KRIMINALITAS SRAGEN : Narkoba, Pencabulan, hingga Pencurian Terungkap dalam Sepekan Terakhir

27 Januari 2018 21:00 WIB David Kurniawan Sragen Share :

Aparat Polres Sragen mengungkap sejumlah kasus kriminalitas seperti pencurian, pencabulan, hingga narkoba dalam sepekan terakhir.

Solopos.com, SRAGEN -- Jajaran Polres Sragen berhasil mengungkap sejumlah kasus pelanggaran pidana di wilayah hukum mereka sepekan terakhir. Kasus itu di antaranya penangkapan tiga tersangka pengedar obat-obatan keras berbahaya tanpa izin.

Ketiga tersangka itu, yaitu Danar Kurniawan, 22, warga Plalar RT 010 Pilangsari, Ngrampal; Probo Ramadianto, 20, asal Tambak Boyo RT 001/RW 007 Mantingan, Ngawi; dan Resa Febri Nugroho, 24, asal Margomulyo RT 040 Karangmalang, Sragen.

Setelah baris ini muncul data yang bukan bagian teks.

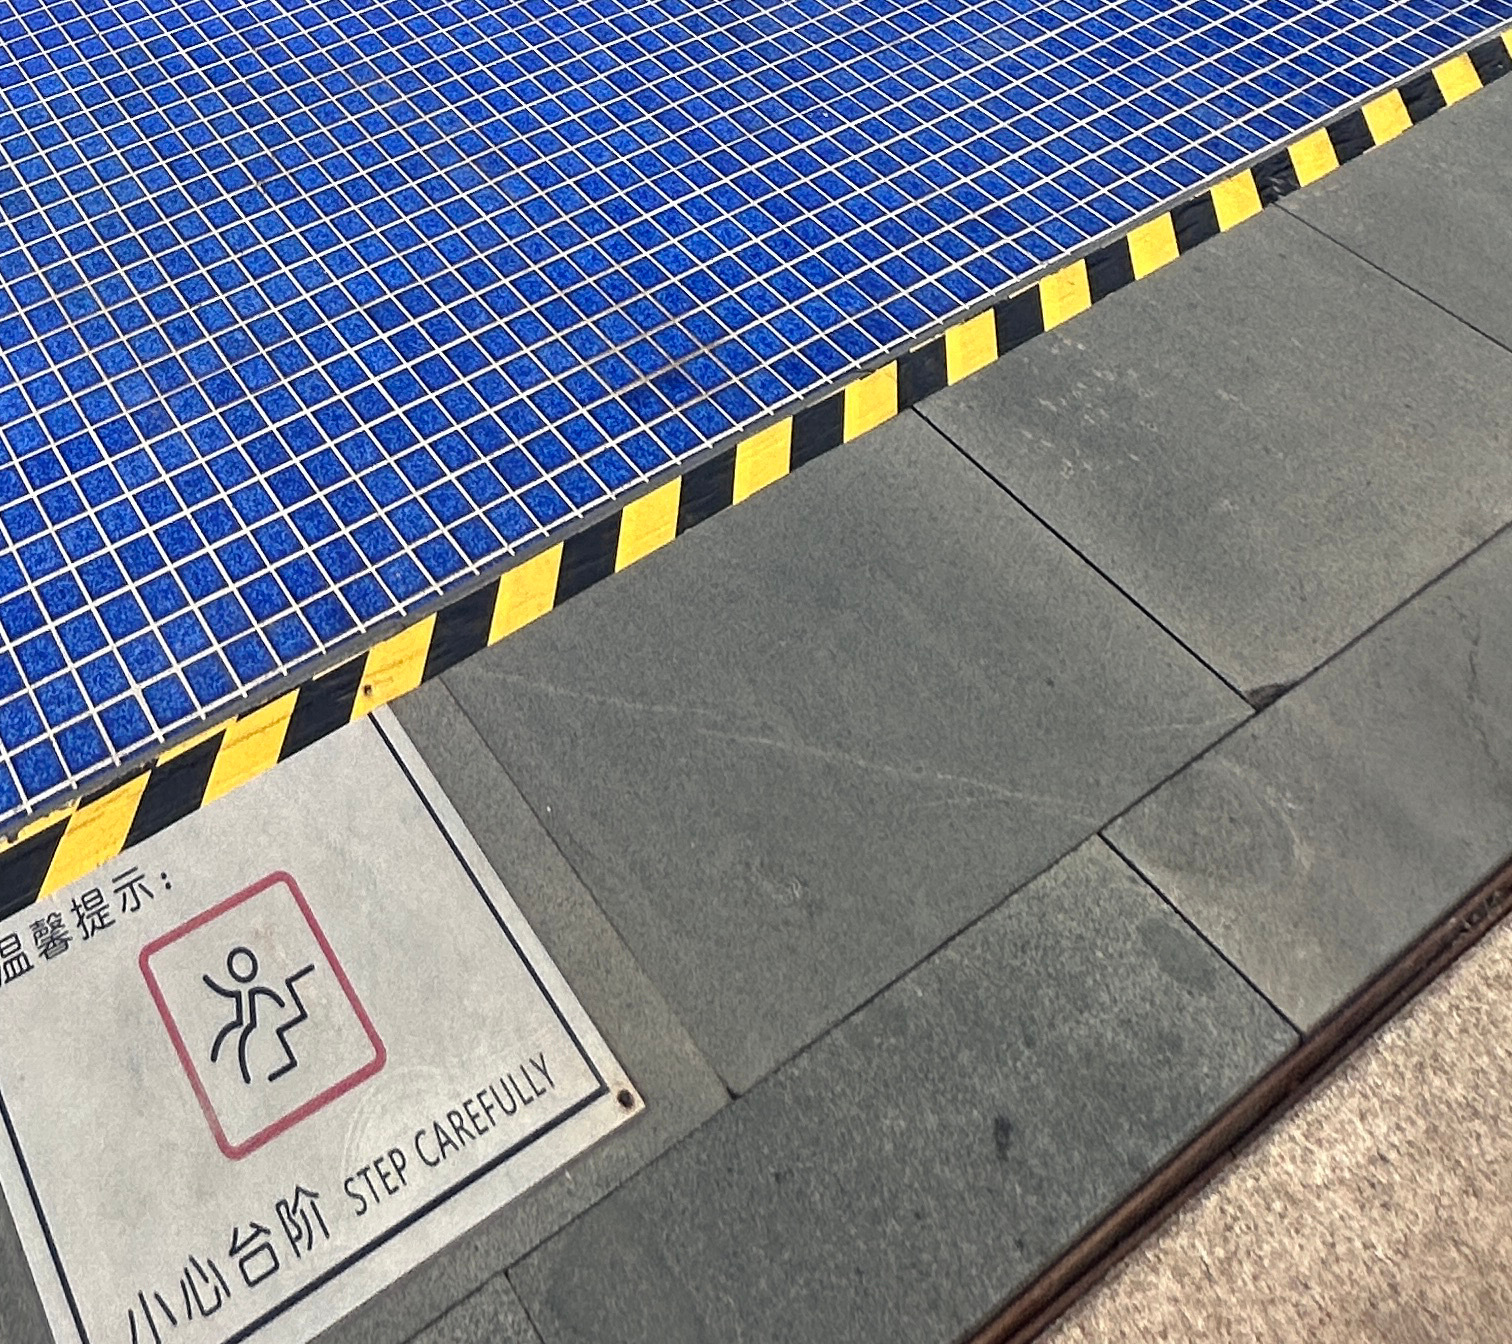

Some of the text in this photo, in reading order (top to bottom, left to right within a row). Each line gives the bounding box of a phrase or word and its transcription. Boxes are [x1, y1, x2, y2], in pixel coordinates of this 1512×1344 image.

[128, 1051, 555, 1344] 小心台阶 STEP CAREFULLY

Ketiganya dijerat Undang-undang (UU) Narkotika, UU Psikotropika, dan UU Kesehatan, sebagai pengguna sekaligus pengedar obat-obatan berbahaya.

“Ketiga tersangka sudah ditahan berikut barang bukti obat-obatan dan sarana kejahatan yang digunakan,” ujar Kapolres Sragen, AKBP Arif Budiman, Sabtu (27/1/2018).

Kasus lain yang berhasil diungkap jajaran Polres Sragen yaitu persetubuhan dengan anak di bawah umur dengan modus bujuk rayu. Tersangkanya, Afeb Candra Kusuma, 19, warga Dukuh Senggot RT 012/RW 004 Singopadu, Sidoharjo, Sragen, telah ditahan. Korban dalam kasus tersebut diketahui berusia 16 tahun.

Dari hasil penyidikan diketahui korban kenal tersangka melalui media sosial (medsos). Setelah berkenalan, tersangka dan korban berpacaran. Tersangka dijerat Pasal 81 atau Pasal 82 UU Perlindungan Anak. “Dengan bujuk rayunya, tersangka menyetubuhi korban yang masih berumur 16 tahun di rumah tersangka,” kata Kapolres.

Kasus selanjutnya yang berhasil diungkap jajaran Polres Sragen yaitu pencurian kendaraan bermotor. Dari kasus yang ditangani Polsek Gondang itu polisi menangkap pelaku SH dan seorang penadah bernisial SW. Selain itu lima unit sepeda motor berbagai merek disita sebagai barang bukti.

“Dua dari lima sepeda motor ini dari TKP Desa Wonotolo, Gondang, Sragen. Sedangkan tiga sepeda motor lain pemiliknya beralamat di Salatiga dan Palur. Kami masih mengembangkan kasus ini karena dari keterangan tersangka penadah sudah ada sembilan TKP atau sembilan kejadian pencurian oleh kelompok ini,” sambung dia.

Ada juga pengungkapan kasus penipuan dan penggelapan mobil Toyota Innova oleh tersangka sepasang suami-istri. Kasus di wilayah Polsek Sambungmacan tersebut modusnya berpura-pura meminjam mobil untuk mengantar anak tersangka. Tapi setelah dipinjam, mobil justru digadaikan di wilayah Kecamatan Gemolong.

Kasus terakhir yang dirilis Kapolres yaitu pengungkapan kasus pencurian dengan pemberatan di wilayah hukum Polsek Masaran. Dalam kasus itu polisi menangkap Andriyan Widya Kusuma, 19, warga Prampalan RT 026 Krikilan, Masaran. Andriyan diduga mencuri ponsel merek Oppo F1s warna emas milik Wiryo Sengat, tetangganya.